From the top of the steps, Camp Bastion lay before me. Hundreds of twinkling lights nestled beneath an ink black sky. If I had looked the other direction, I would’ve seen complete darkness stretching out to merge with the night sky.
I look up at the sky briefly, hoping for a sea of bright stars to live above me, instead several muted specks of light shone dimly. I have no idea why this was. My mum, an amateur astronomer, still refuses to believe me. She says I was looking in the wrong place.
Off the steps now and onto a coach. The name on the side is german, and It looks at least as old as I am. An afghani driver sits, nodding individually as we get on. Never seen a real afghani before, this occurs to me as we sit down. Looking at my watch I also realize I have no idea what time or in fact day it is anymore.

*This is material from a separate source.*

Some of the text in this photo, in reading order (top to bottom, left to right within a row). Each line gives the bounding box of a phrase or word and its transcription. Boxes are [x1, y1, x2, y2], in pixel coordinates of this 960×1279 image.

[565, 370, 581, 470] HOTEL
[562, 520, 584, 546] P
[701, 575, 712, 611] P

Our Chief gets on last and says a few words to us, that I can’t honestly remember now, and we shortly set off for the arrivals tent. My nose remains pressed to the dusty window for the 5 minute journey, until we pull up next to a row of blast walls (large concrete slabs standing upright, designed to offer protection against mortars), with the roof of a large tent sloping up behind it.

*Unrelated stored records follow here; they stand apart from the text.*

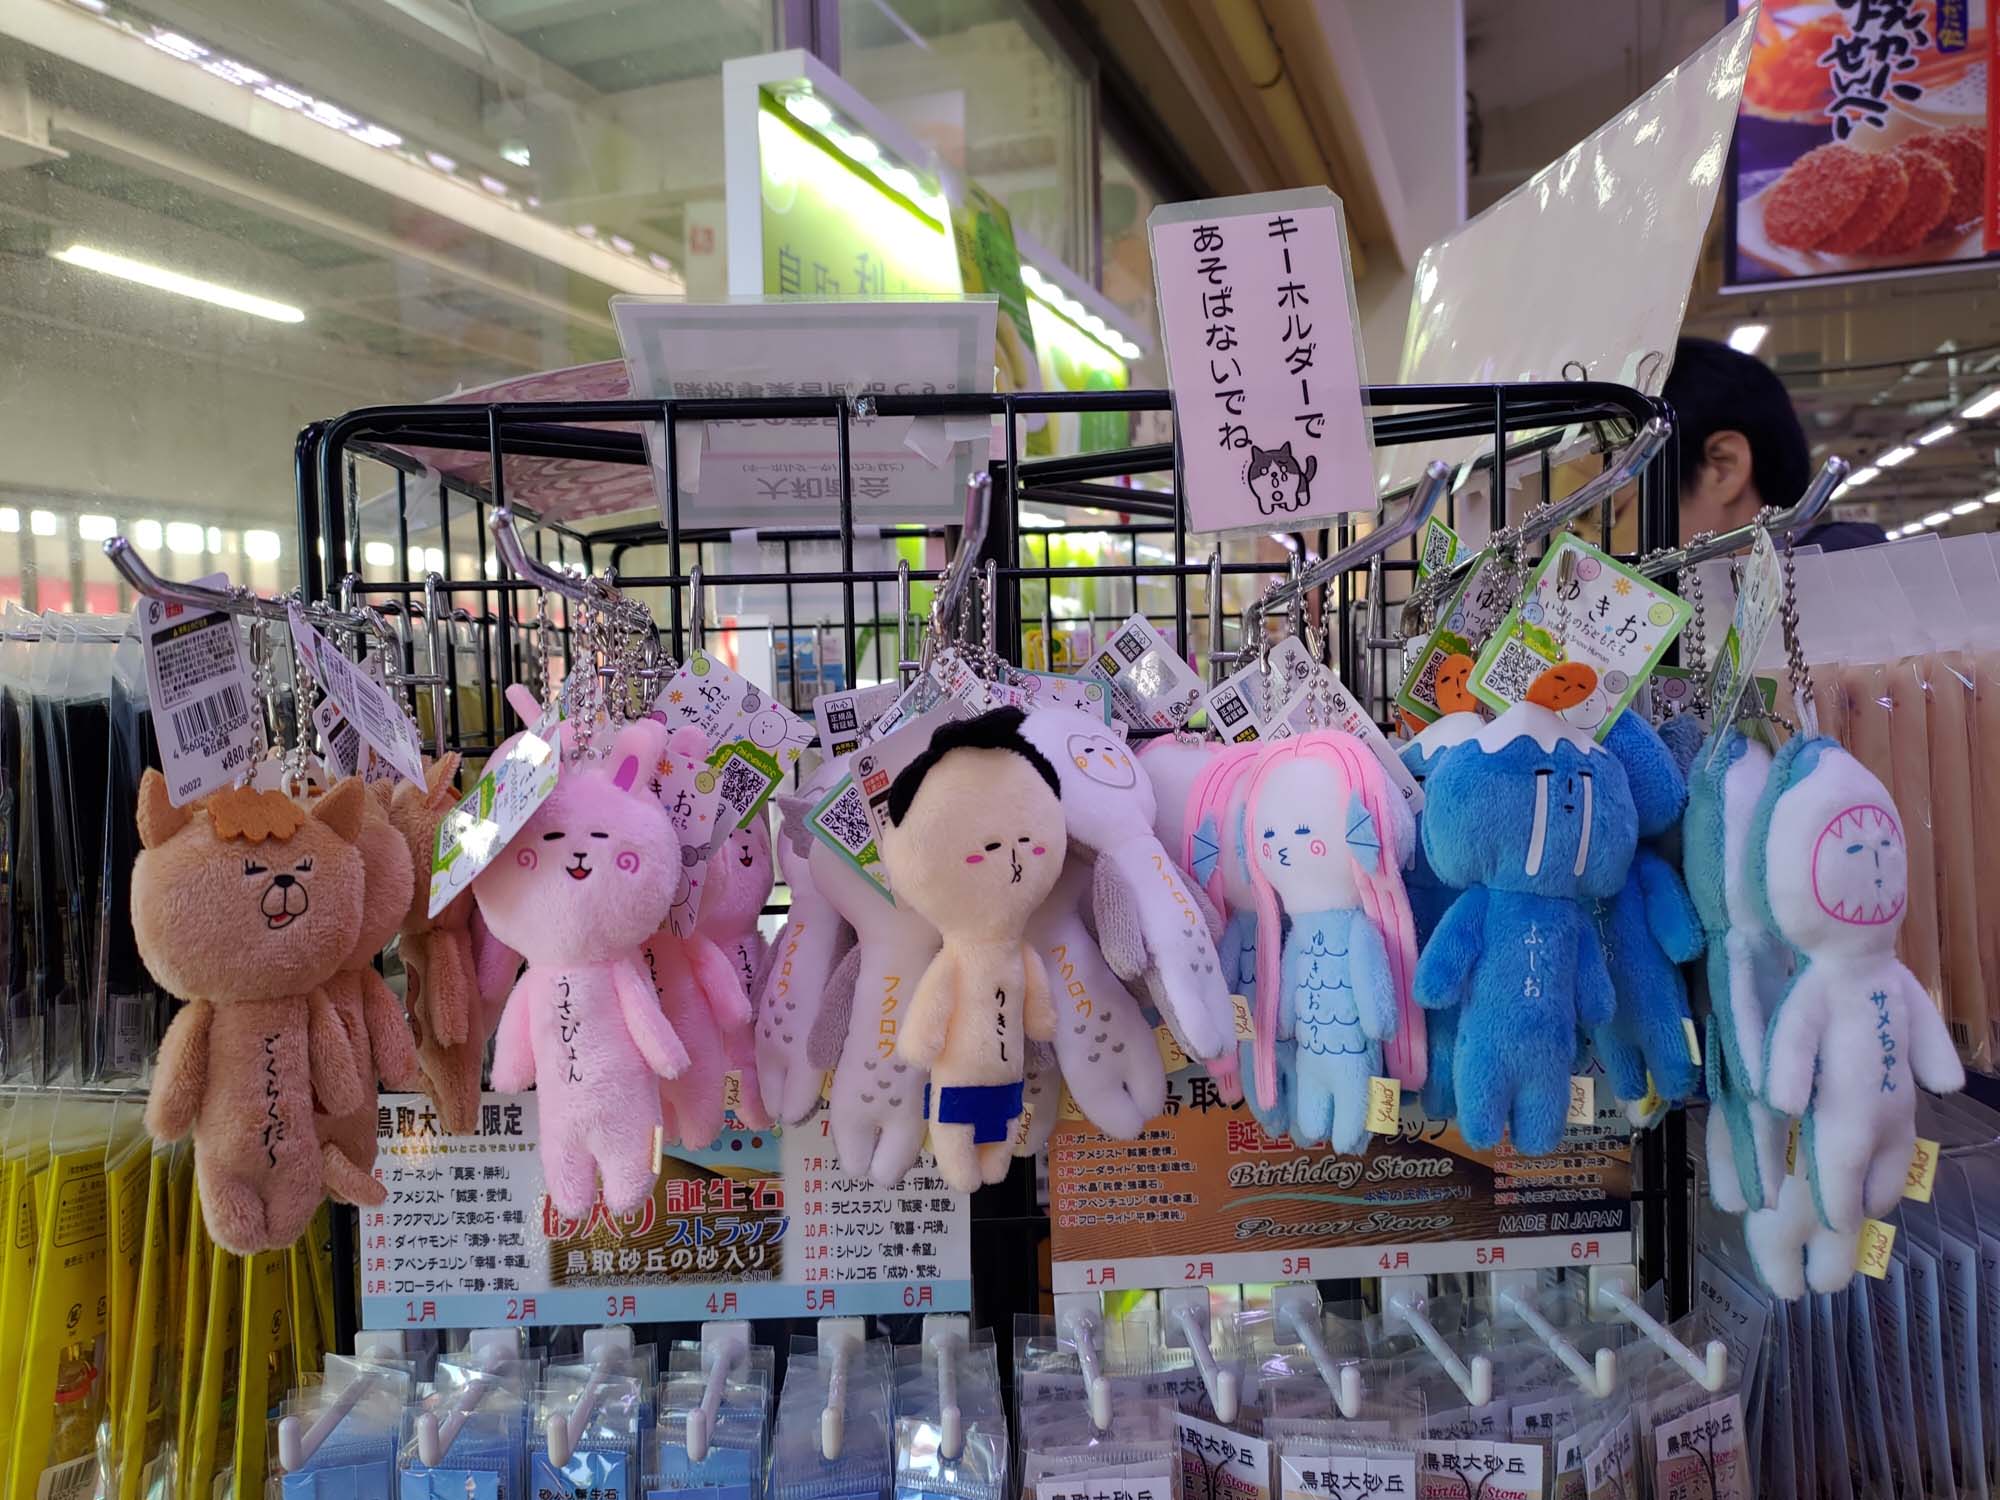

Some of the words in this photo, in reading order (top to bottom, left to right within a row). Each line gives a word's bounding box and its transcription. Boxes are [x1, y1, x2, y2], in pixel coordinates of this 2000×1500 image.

[1192, 225, 1253, 451] あそばないでね
[1268, 215, 1325, 439] キーホルダーで
[179, 777, 202, 797] 00022
[1152, 854, 1197, 926] フクロウ
[774, 922, 805, 997] フクロウ
[1523, 924, 1543, 998] ふじお
[1050, 943, 1094, 1019] フクロウ
[558, 975, 583, 1083] うさぴょん
[876, 975, 901, 1058] フクロウ
[994, 987, 1009, 1062] りきし
[1869, 990, 1897, 1092] サメちゃん
[376, 1103, 523, 1138] 鳥取大限定
[374, 1166, 510, 1182] 月：ガーネット「真実・勝利」
[1230, 1153, 1363, 1188] Birthday
[1366, 1154, 1454, 1181] Stone
[665, 1177, 785, 1215] 誕生石
[665, 1215, 791, 1248] ストラップ
[1235, 1211, 1352, 1240] Power
[1355, 1211, 1454, 1233] Stone
[1499, 1214, 1547, 1233] MADE
[1551, 1212, 1569, 1230] IN
[1569, 1209, 1623, 1229] JAPAN
[566, 1246, 765, 1275] 鳥取砂丘の砂入り
[1086, 1267, 1116, 1285] 1月
[1184, 1262, 1214, 1280] 2月
[1281, 1257, 1311, 1275] 3月
[1379, 1252, 1409, 1270] 4月
[1476, 1246, 1505, 1264] 5月
[1570, 1241, 1600, 1259] 6月
[406, 1301, 437, 1322] 1月
[506, 1299, 537, 1320] 2月
[606, 1296, 637, 1317] 3月
[705, 1291, 738, 1313] 4月
[806, 1288, 835, 1310] 5月
[903, 1286, 933, 1307] 6月
[1299, 1470, 1404, 1493] 鳥取大砂丘
[1422, 1453, 1526, 1475] 鳥取大砂丘

I step off the hard surface of the aircraft manoeuvring area, and onto sand for the first time.
I mention this seemingly trivial moment because at the time, my mind was on spiders. Camel spiders to be exact, and my eyes were scanning the ground continually, waiting for their co-ordinated strike. I make it to the relative safety of the well lit arrivals tent without coming under fire, so to speak. They must be planning a big offensive for later.
The tent is massive. Probably the biggest one i’ve ever been in, save for maybe at a circus.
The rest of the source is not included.